Last summer, I saw a building burn down for the first time. And then I saw another. It taught me that everything that seems permanent and stable, is actually much more precarious than it appears to be. No matter the foundation, there is a chance that what you build will tumble down. In Minneapolis, the flames offered a message of hope. The instability of life, although jarring, allowed many community members to imagine what a new life could look like.

Leopold Staff’s message in “Foundations” is not one of hope. He wrote this poem right after World War II when confronting the absolute devastation of the ruins of Poland. To him and many, the process of rebuilding a leveled city seems untenable. What does a poet write about in that situation? The only house you can build is an imaginary one. So, he leaves us with the image of a child drawing a picture of a house, who starts by drawing the smoke rising from a chimney. —Ana Diaz

Jeopardy” (1994)

By Gerald W. Barrax

I lurched to
a stop
and turned in time
to see the brothers
four and six
side by side
in each other’s ruin
looking up in perfect trust
at their mother.
Indecisive and cowardly, I let her get away.

I forget when I first read this poem, but it was around the time I Googled an old professor’s name and discovered he was an acclaimed poet, nominee for the National Book Award and Pulitzer Prize, for a collection published around the time I was an undergraduate.

This poem, the first one I read by Gerald W. Barrax (whom I knew only as an instructor of English 266: American Literature, Civil War to Present) always lingered with me. A grocery list that begins it always seemed a kind of receipt for the moment. The comedy’s in the specifics, right?
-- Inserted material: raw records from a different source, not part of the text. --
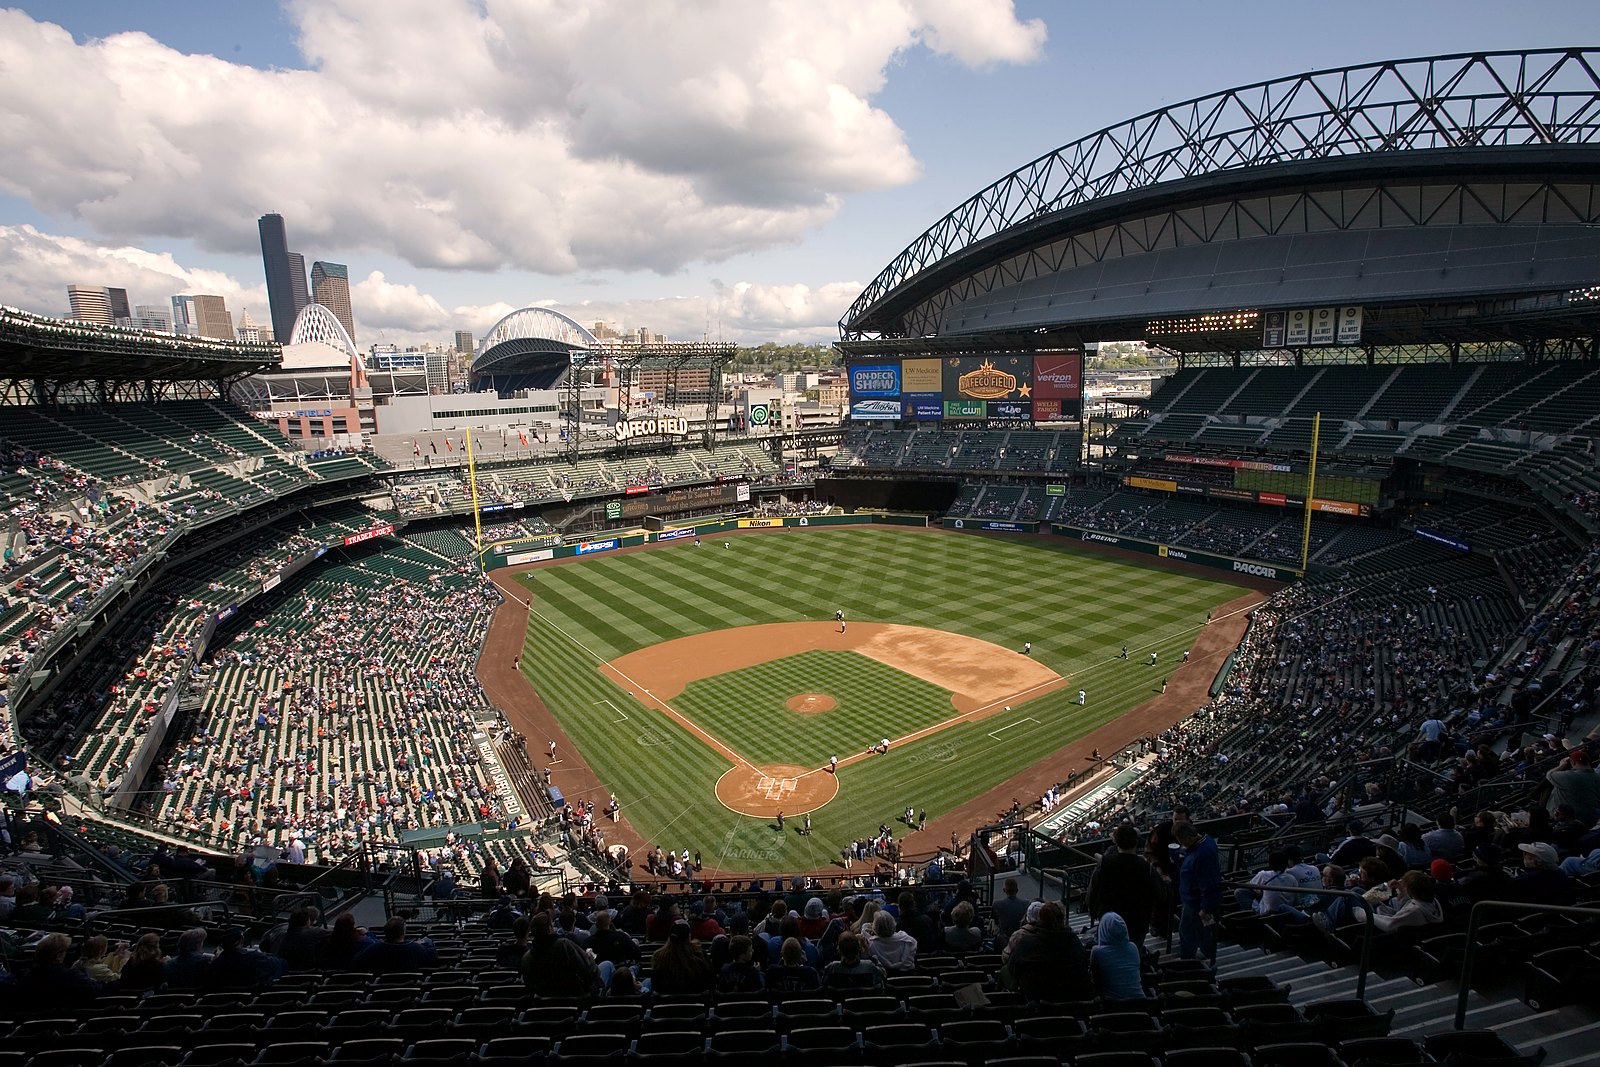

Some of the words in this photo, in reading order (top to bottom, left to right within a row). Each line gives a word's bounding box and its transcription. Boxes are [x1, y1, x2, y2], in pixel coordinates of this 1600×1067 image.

[856, 372, 894, 380] ON-DECK
[960, 377, 990, 389] SAFECO
[991, 376, 1014, 389] FIELD
[1038, 373, 1072, 382] verizon
[856, 380, 894, 390] SHOW
[256, 410, 296, 419] QWEST
[296, 409, 332, 417] FIELD
[615, 419, 657, 441] SAFECO
[657, 416, 688, 435] FIELD
[1200, 457, 1229, 466] Budweiser
[665, 493, 687, 502] Welcome
[694, 490, 709, 499] Safeco
[710, 488, 722, 496] Field
[653, 504, 672, 512] Home
[672, 502, 680, 510] of
[680, 500, 689, 508] the
[689, 497, 709, 507] Seattle
[1320, 504, 1353, 514] Microsoft
[348, 531, 374, 545] TRADER
[374, 525, 391, 537] JOE'S
[1090, 533, 1118, 544] BOEING
[587, 541, 614, 551] PEPSI
[1168, 549, 1187, 559] WaMu
[1233, 561, 1276, 579] PACCAR
[477, 740, 498, 765] WELCOME
[488, 764, 502, 775] TO
[492, 773, 512, 796] SAFECO
[503, 795, 520, 815] FIELD
[1043, 803, 1082, 831] SEATTLE
[1078, 785, 1118, 813] MARINERS
[717, 846, 781, 861] MARINERS
Well, so is the poetry, at least Barrax’s is, and the perfect recall of what was in his shopping cart at the Winn-Dixie lets me know his capacity for perception, memory and awareness.
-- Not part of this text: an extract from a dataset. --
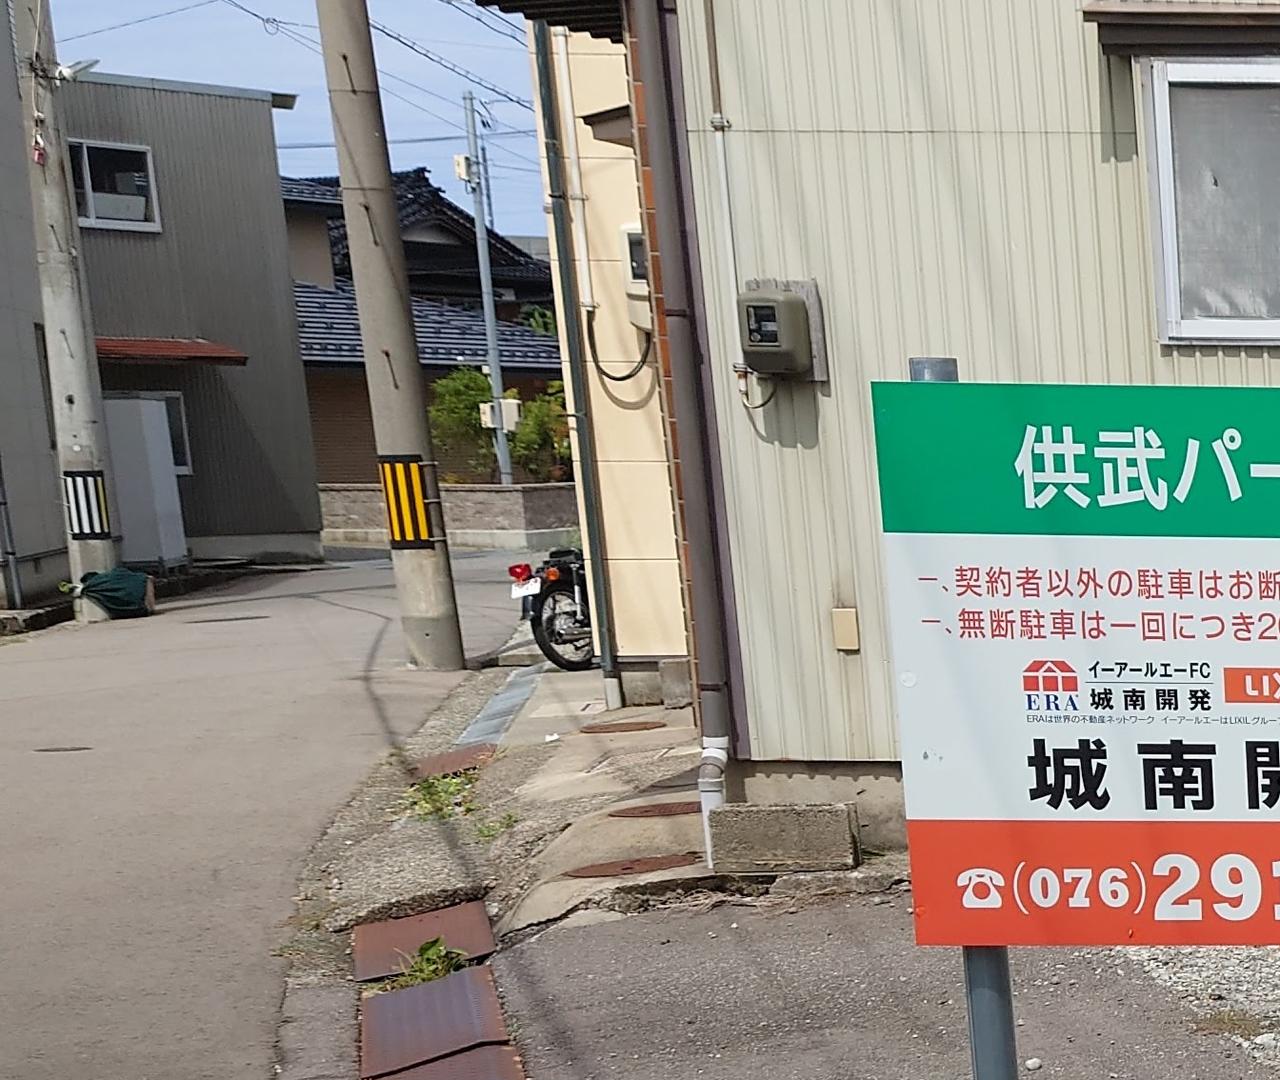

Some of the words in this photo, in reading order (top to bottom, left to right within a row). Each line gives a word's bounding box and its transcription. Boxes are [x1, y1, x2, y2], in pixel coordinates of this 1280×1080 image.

[1088, 660, 1211, 679] イーアールエーFC
[1026, 693, 1079, 711] ERA
[1090, 688, 1212, 711] 城南開発
Awareness. I got a B in Barrax’s class during my callow, sophomore fall of 1992, my first semester living in my fraternity house. The only moment I really remember is the look he gave me when he handed back my final exam. I was in his office, happy to collect the blue book for a course I’d been half-aware of, but somehow managed a B. Yet, when I got home and leafed through my final, I saw the essay marked up, graded C, with annotations calling bullshit on whatever I was trying to get away with. It both confused and shamed me. How did I get a B in a course after doing lazy and inferior work in the exam?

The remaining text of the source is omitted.